**RECORDS PROVIDED:**
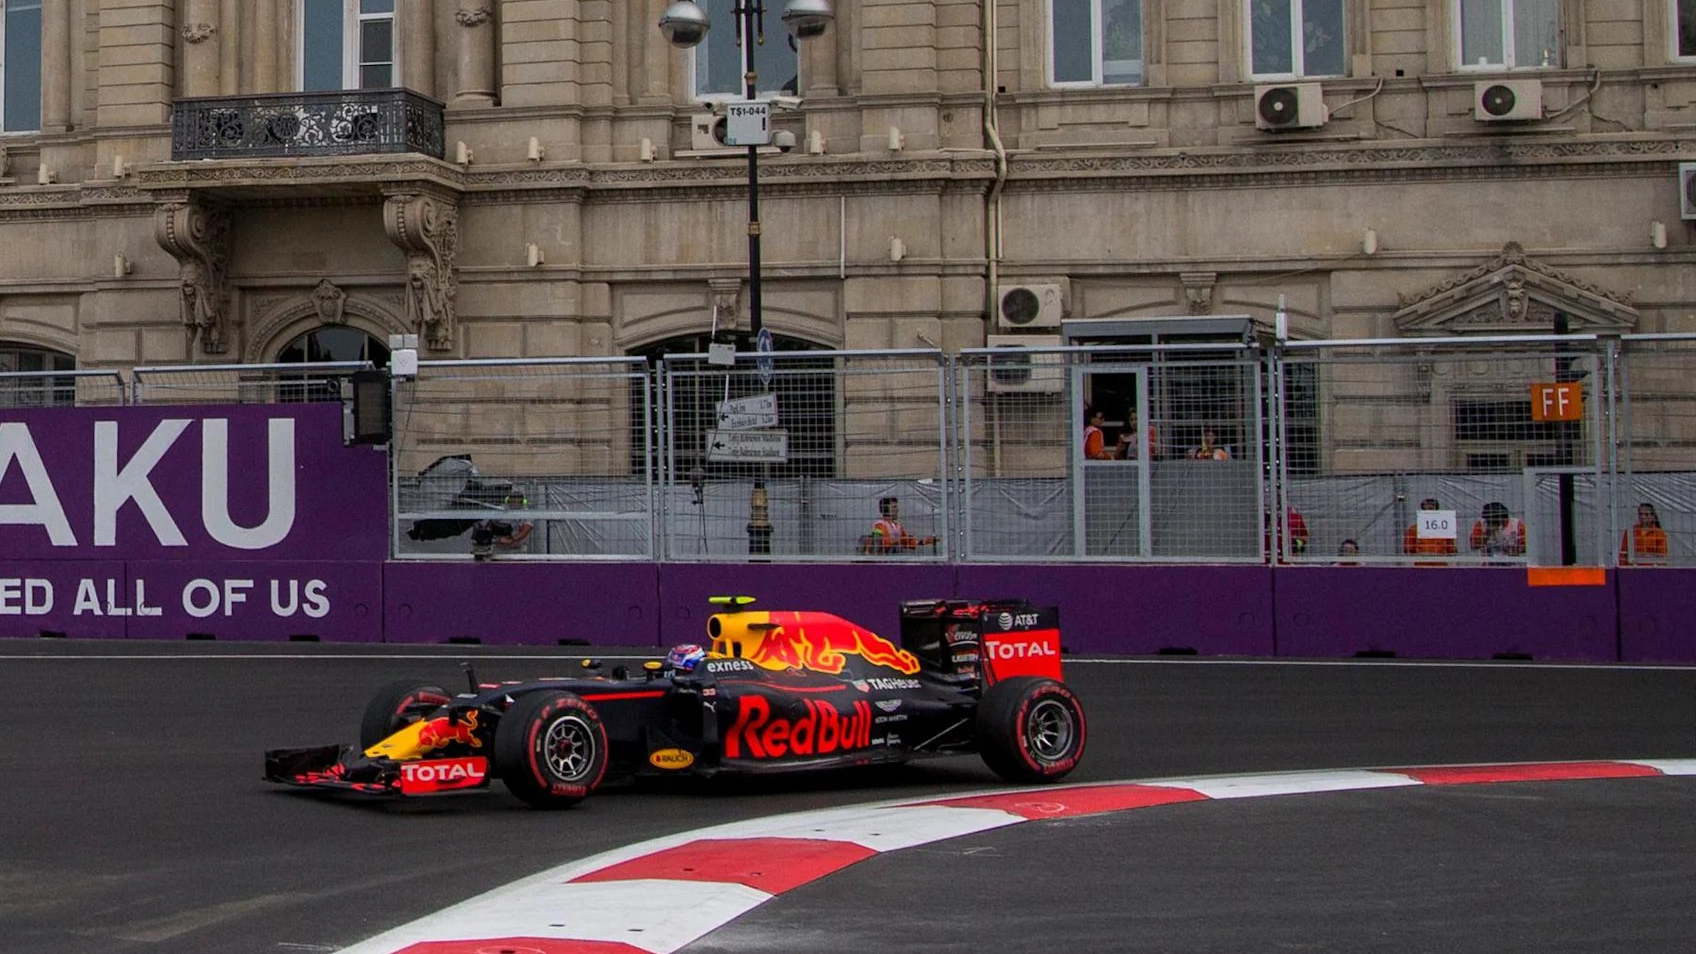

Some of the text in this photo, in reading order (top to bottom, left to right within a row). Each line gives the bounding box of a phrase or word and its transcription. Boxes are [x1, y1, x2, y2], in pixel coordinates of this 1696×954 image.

[730, 107, 766, 117] TS1-044
[1542, 387, 1570, 417] FF
[1425, 520, 1448, 530] 16.0
[74, 578, 163, 617] ALL
[182, 578, 254, 618] OF
[271, 579, 331, 619] US
[1015, 613, 1039, 626] AT&T
[985, 641, 1056, 660] TOTAL
[707, 660, 754, 673] exness
[402, 762, 485, 782] TOTAL

**TASK INSTRUCTIONS:** The records above are to be transcribed word for word. Skip the images.

**EXERCISE RESULT:**
Some of the text in this photo, in reading order (top to bottom, left to right within a row). Each line gives the bounding box of a phrase or word and its transcription. Boxes are [x1, y1, x2, y2], in pixel coordinates of this 1696×954 image.

[730, 107, 766, 117] TS1-044
[1542, 387, 1570, 417] FF
[1425, 520, 1448, 530] 16.0
[74, 578, 163, 617] ALL
[182, 578, 254, 618] OF
[271, 579, 331, 619] US
[1015, 613, 1039, 626] AT&T
[985, 641, 1056, 660] TOTAL
[707, 660, 754, 673] exness
[402, 762, 485, 782] TOTAL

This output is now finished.